→ **TASK BRIEF**
Pictures aside, can you reproduce the records word for word?

→ **RECORDS SUPPLIED**
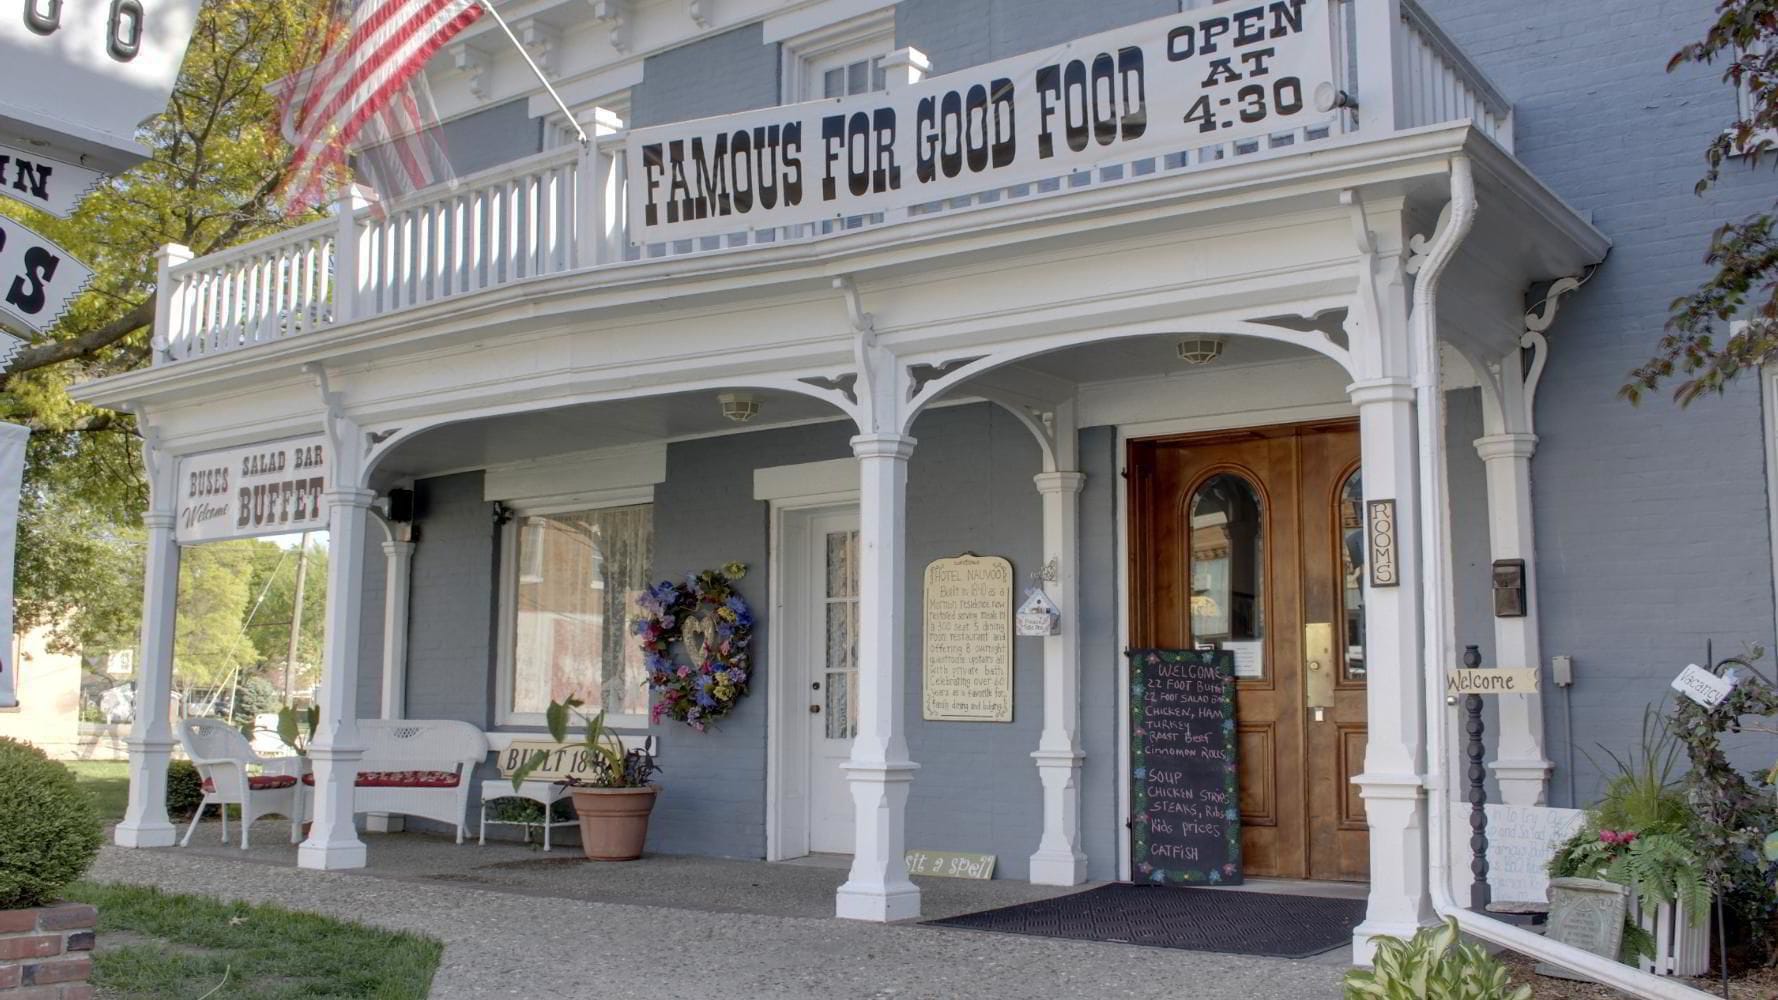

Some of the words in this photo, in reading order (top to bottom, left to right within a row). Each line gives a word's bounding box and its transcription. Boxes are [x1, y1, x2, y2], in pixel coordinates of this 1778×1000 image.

[1167, 0, 1306, 62] OPEN
[1201, 47, 1275, 88] AT
[1184, 76, 1303, 133] 4:30
[642, 120, 803, 226] FAMOUS
[822, 107, 901, 201] FOR
[917, 77, 1016, 183] GOOD
[1036, 45, 1147, 159] FOOD
[0, 227, 60, 315] S
[242, 451, 286, 476] SALAD
[294, 445, 324, 468] BAR
[190, 467, 229, 497] BUSES
[238, 476, 324, 528] BUFFET
[182, 502, 229, 528] Welcome
[1373, 503, 1392, 582] ROOMS
[935, 570, 961, 581] HOTEL
[967, 569, 1001, 581] NAUVOO
[1158, 664, 1223, 679] WELCOME
[1446, 669, 1516, 692] Welcome
[1144, 692, 1157, 702] 22
[1160, 692, 1179, 701] FOOT
[1180, 695, 1209, 703] SALAD
[1147, 679, 1162, 688] 22
[1166, 679, 1192, 691] FOOT
[1680, 668, 1723, 705] Vacancy
[1198, 707, 1223, 719] HAM
[1150, 731, 1179, 743] ROAST
[506, 748, 566, 772] BULT
[1148, 768, 1182, 784] SOUP
[1147, 786, 1193, 799] CHICKEN
[1151, 818, 1173, 834] Kids
[1182, 819, 1221, 838] prices

→ **SOLUTION TO THE PROBLEM**
Some of the words in this photo, in reading order (top to bottom, left to right within a row). Each line gives a word's bounding box and its transcription. Boxes are [x1, y1, x2, y2], in pixel coordinates of this 1778×1000 image.

[1167, 0, 1306, 62] OPEN
[1201, 47, 1275, 88] AT
[1184, 76, 1303, 133] 4:30
[642, 120, 803, 226] FAMOUS
[822, 107, 901, 201] FOR
[917, 77, 1016, 183] GOOD
[1036, 45, 1147, 159] FOOD
[0, 227, 60, 315] S
[242, 451, 286, 476] SALAD
[294, 445, 324, 468] BAR
[190, 467, 229, 497] BUSES
[238, 476, 324, 528] BUFFET
[182, 502, 229, 528] Welcome
[1373, 503, 1392, 582] ROOMS
[935, 570, 961, 581] HOTEL
[967, 569, 1001, 581] NAUVOO
[1158, 664, 1223, 679] WELCOME
[1446, 669, 1516, 692] Welcome
[1144, 692, 1157, 702] 22
[1160, 692, 1179, 701] FOOT
[1180, 695, 1209, 703] SALAD
[1147, 679, 1162, 688] 22
[1166, 679, 1192, 691] FOOT
[1680, 668, 1723, 705] Vacancy
[1198, 707, 1223, 719] HAM
[1150, 731, 1179, 743] ROAST
[506, 748, 566, 772] BULT
[1148, 768, 1182, 784] SOUP
[1147, 786, 1193, 799] CHICKEN
[1151, 818, 1173, 834] Kids
[1182, 819, 1221, 838] prices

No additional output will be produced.